In dealing with the case against the accused von Leyser, formerly commander of the XXIst German Mountain Corps,(Footnote 1: See p. 45.) the Tribunal made the following remarks concerning the so-called independent state of Croatia :

“ The reprisal practice as carried out in this corps area and the alleged deportation of inhabitants for slave labour is so interwoven with the powers of the alleged independent state of Croatia that its status and relationship to the German Armed Forces must be examined.  Prior to the invasion of Yugoslavia by Germany on 6th April, 1941, Croatia was a part of the sovereign state of Yugoslavia and recognised as such by the nations of the world. Immediately after the occupation and on 10th April, 1941, Croatia was proclaimed an independent state and formally recognised as such by Germany on 15th April, 1941.In setting up the Croatian government, the Germans, instead of employing the services of the Farmers’ Party, which was predominant in the country, established an administration with Dr. Ante Pavelitch at its head. Dr. Pavelitch was brought in from Italy along with others

p. 73

of his group and established as the governmental head of the state of Croatia even though his group represented only an estimated five per cent of the population of the country. This government, on 15th June, 1941, joined the Three Power Pact and, on 25th November, 1941, joined the Anti-Comintern Pact. On 2nd July, 1941, Croatia entered the war actively against the Soviet Union and on 14th December, 1941, against the Allies. The Military Attaché became the German Plenipotentiary General in Croatia and was subordinated as such to the Chief of the High Command of the Armed Forces. The territorial boundaries of the new Croatia were arbitrarily established and included areas that were occupied by Serbians who were confirmed enemies of the Croats.

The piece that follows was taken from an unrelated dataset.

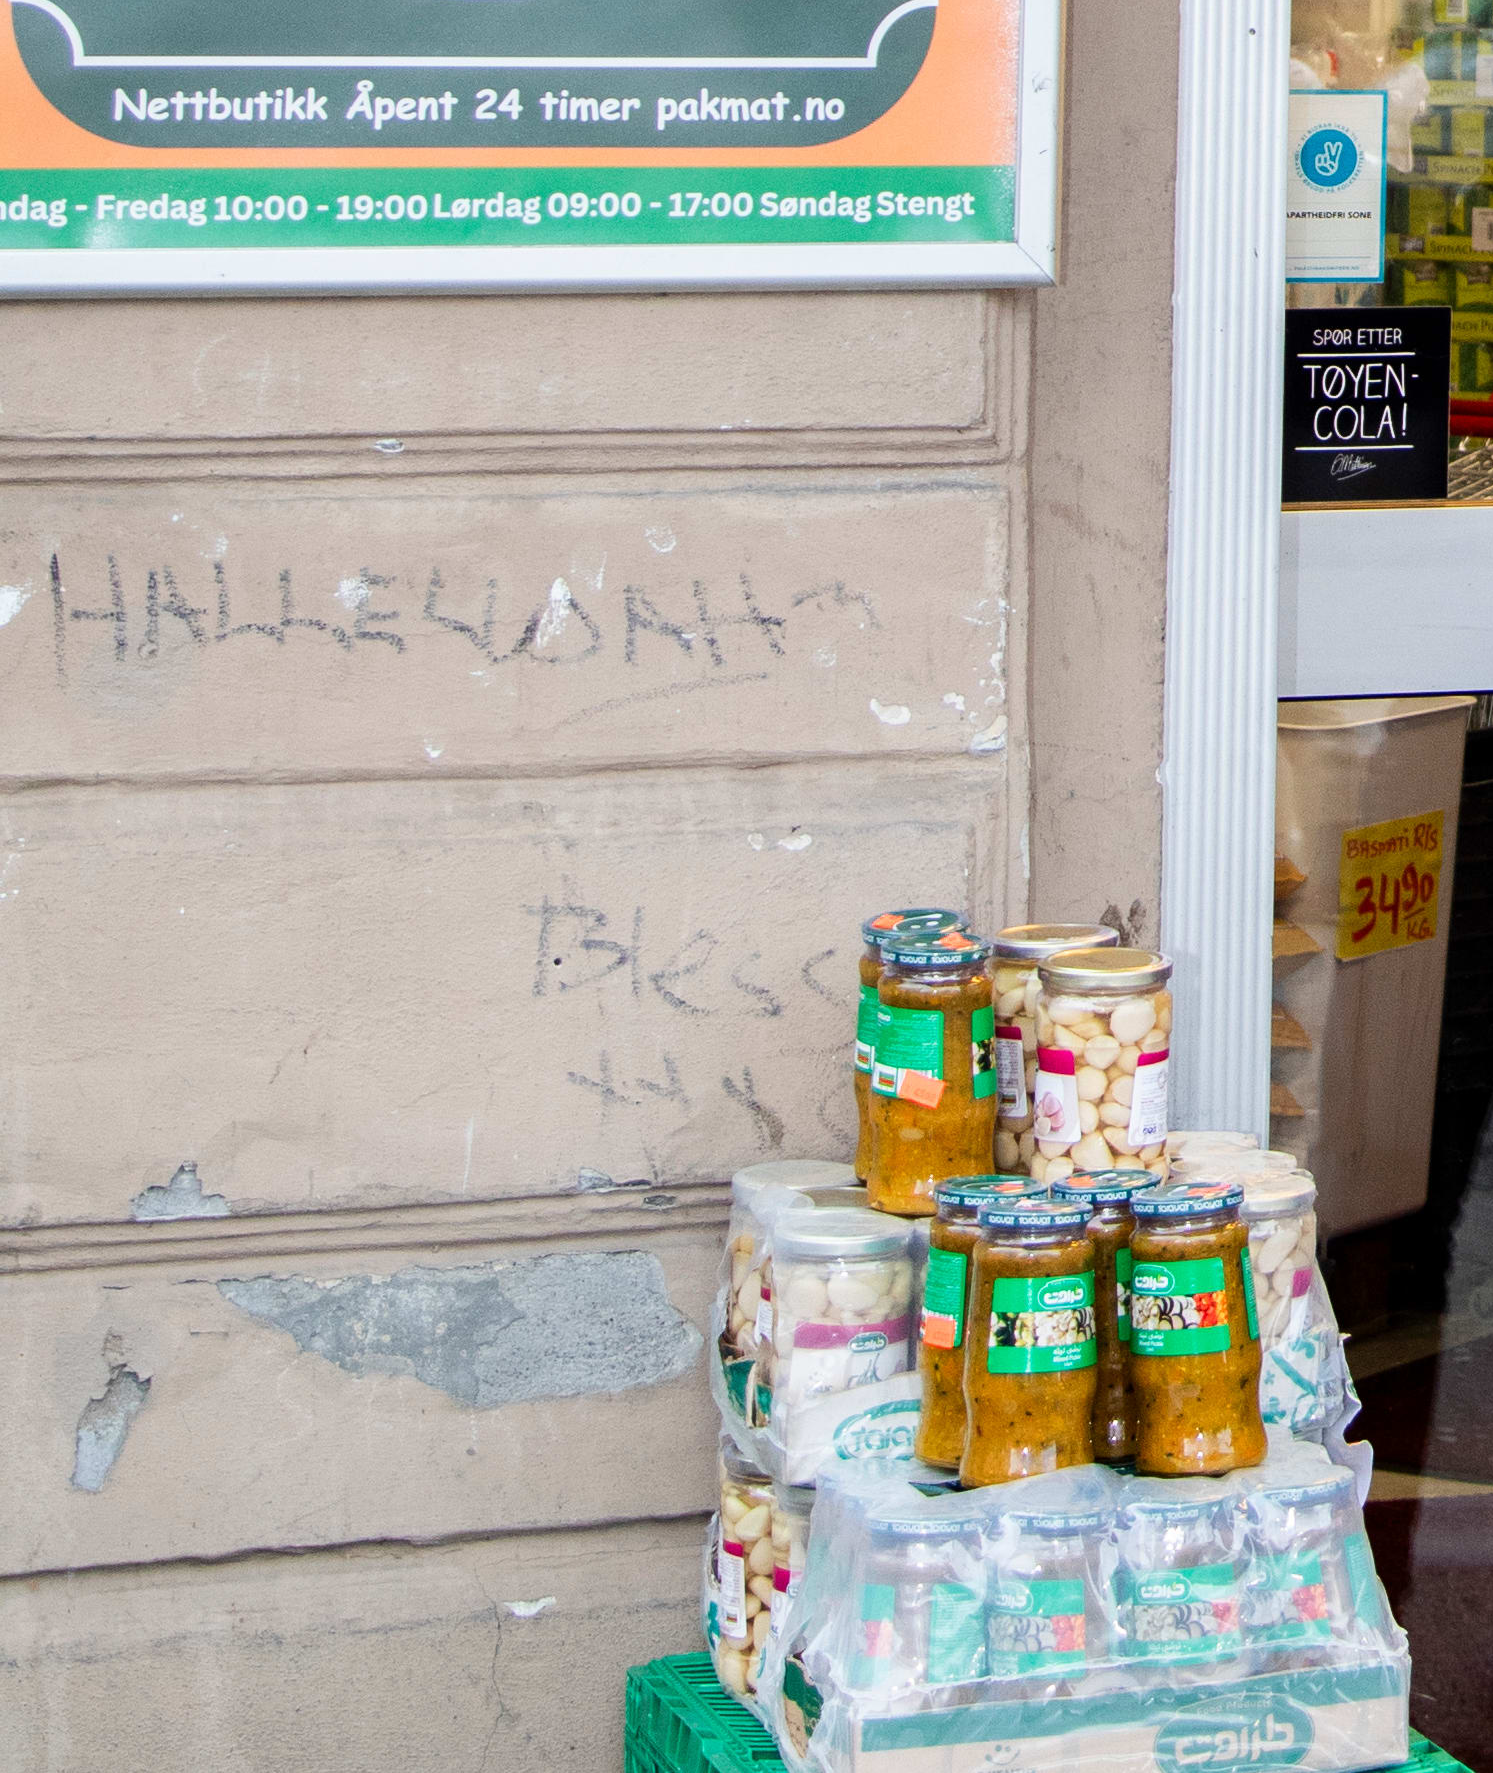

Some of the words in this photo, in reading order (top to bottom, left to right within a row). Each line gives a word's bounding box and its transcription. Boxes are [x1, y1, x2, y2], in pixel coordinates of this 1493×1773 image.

“ The Croatian government, thus established, proceeded to organise a national army, the troops of which are referred to in the record as Domobrans. Certain Ustasha units were also trained and used. The Ustasha in Croatia was a political party similar to the Nazi party of Germany. Similar to the Waffen SS Divisions of the general Ustasha were trained and used. In addition, by an alleged agreement between Germany and Croatia, the Croatian government conscripted men from its population for compulsory labour and military service. Many of these men were used in German organised Croat Divisions and became a part of the Wehrmacht under the command of German officers.  

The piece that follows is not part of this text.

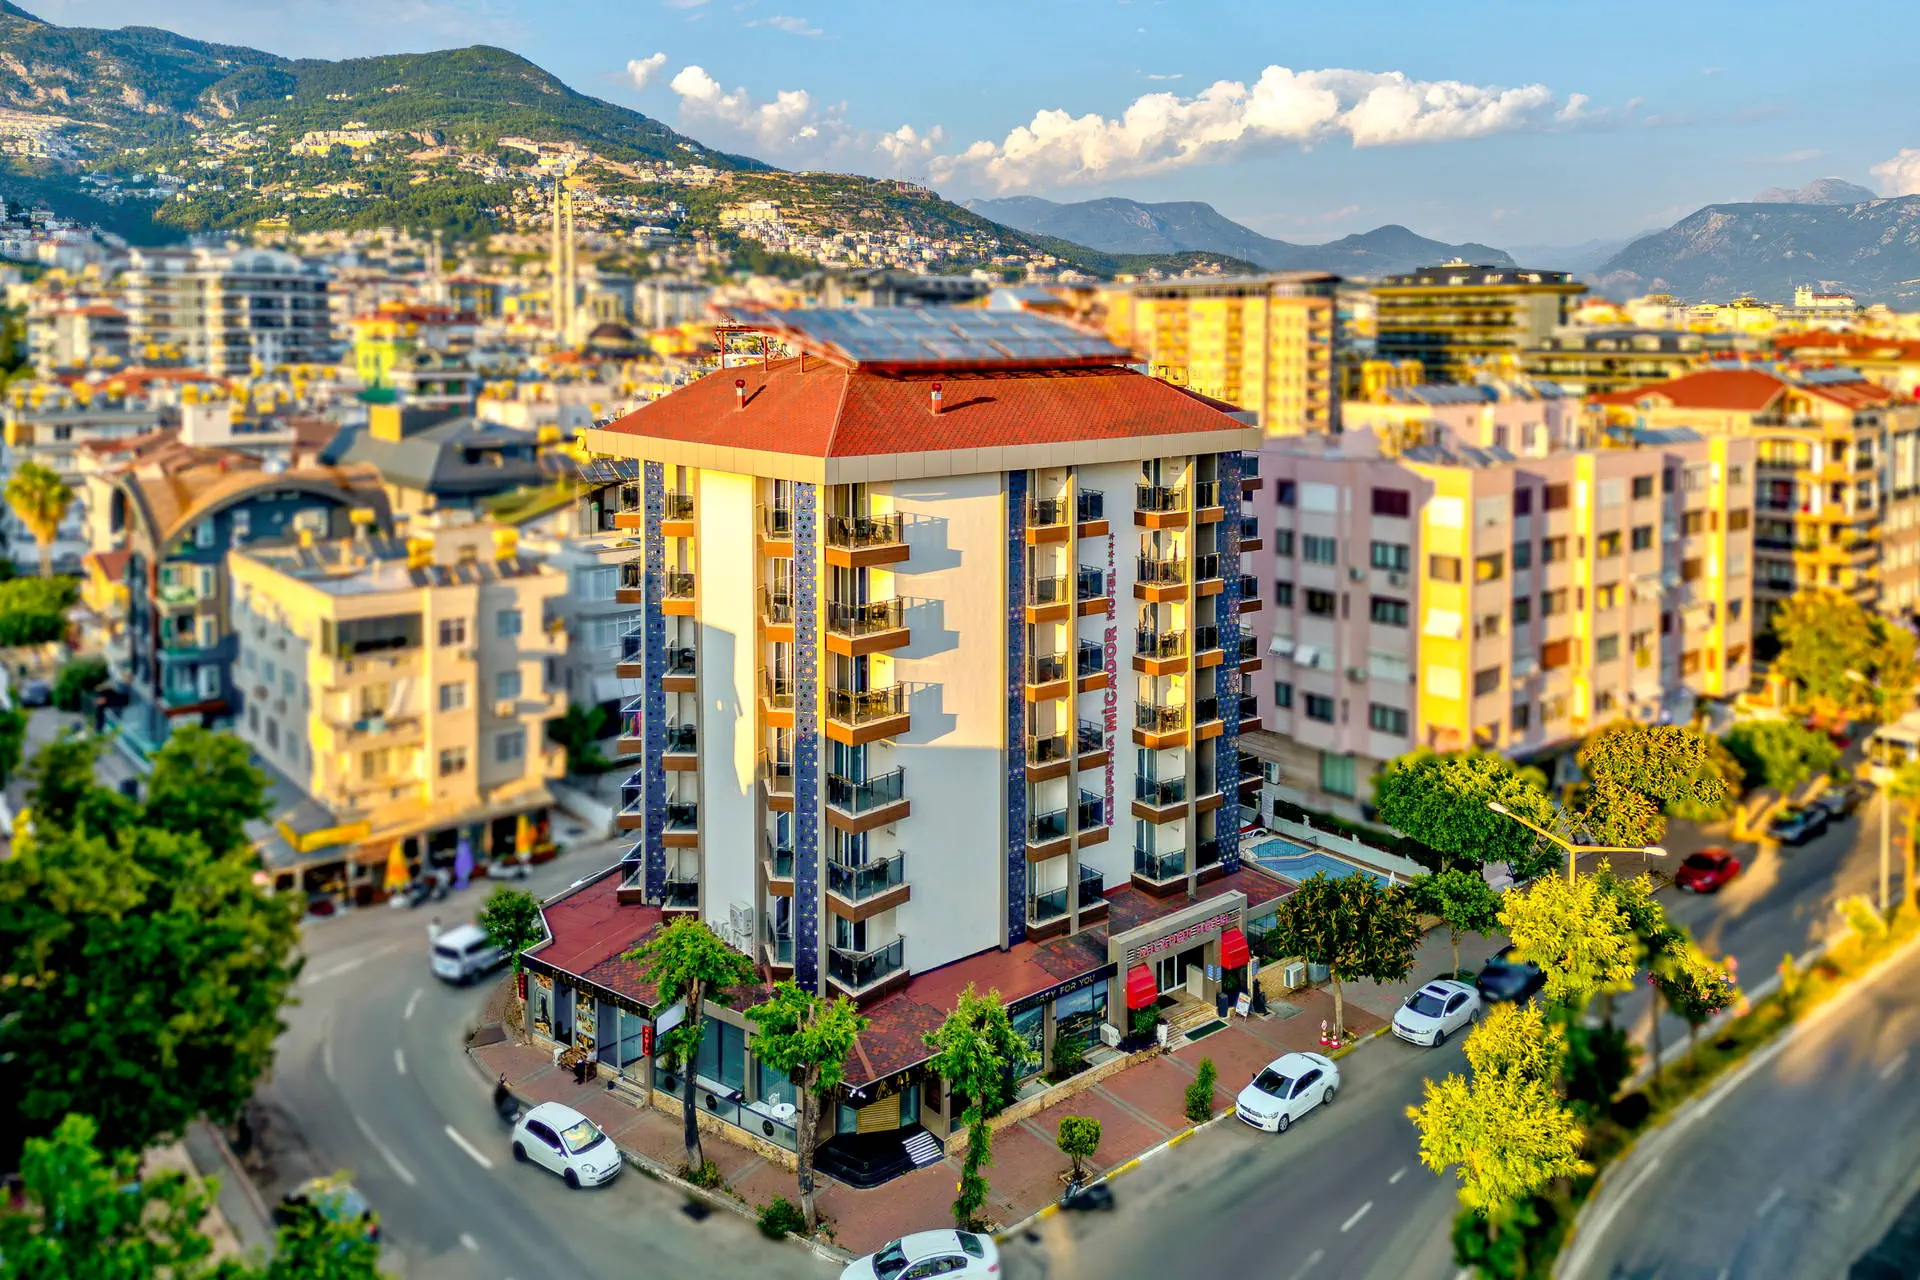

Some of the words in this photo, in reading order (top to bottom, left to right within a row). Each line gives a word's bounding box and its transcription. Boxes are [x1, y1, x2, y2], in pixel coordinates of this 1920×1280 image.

[1106, 568, 1116, 620] HOTEL
[1060, 982, 1077, 994] FOR
[1079, 974, 1096, 987] YOU

“ It is further shown by the evidence that all matters of liaison were handled through the German Plenipotentiary General. It is evident that requests of the Germans were invariably acceded to by the Croatian government. It is quite evident that the answers to such requests were dictated by the German Plenipotentiary General. Whatever the form or the name given, the Croatian government during the German war-time occupation was a satellite under the control of the occupying power. It dissolved as quickly after the withdrawal of the Germans as it had arisen upon their occupation. Under such circumstances, the acts of the Croatian government were the acts of the occupation power.  Logic and reason dictate that the occupant could not lawfully do indirectly that which it could not do directly. The true facts must control irrespective of the form with which they may have been camouflaged.  Even International Law will cut through form to find the facts to which its rules will be applied. The conclusion reached is in accord with previous pronouncements of International Law that an occupying power is not the sovereign power although it is entitled to perform some acts of sovereignty. The Croatian government could exist only at the sufferance of the occupant. During the occupation, the German Military Government was supreme or its status as a military occupant of a belligerent enemy nation did not exist. Other than the rights of occupation conferred by International Law, no lawful authority could be exercised by the Germans. Hence, they had no legal right to create an independent sovereign state during the progress of the war. They could set up such a provisional government as was necessary to accomplish the purposes of the occupation but further than that they could not legally go. We are of the view that Croatia was at all times here

p.74 

involved an occupied country and that all the acts performed by it were those for which the occupying power was responsible. (Footnote 1: Compare a similar attitude adopted by the Tribunal which conducted the Milch Trial, towards the Vichy Government. See Vol. VII, pp. 38 and 46.) ”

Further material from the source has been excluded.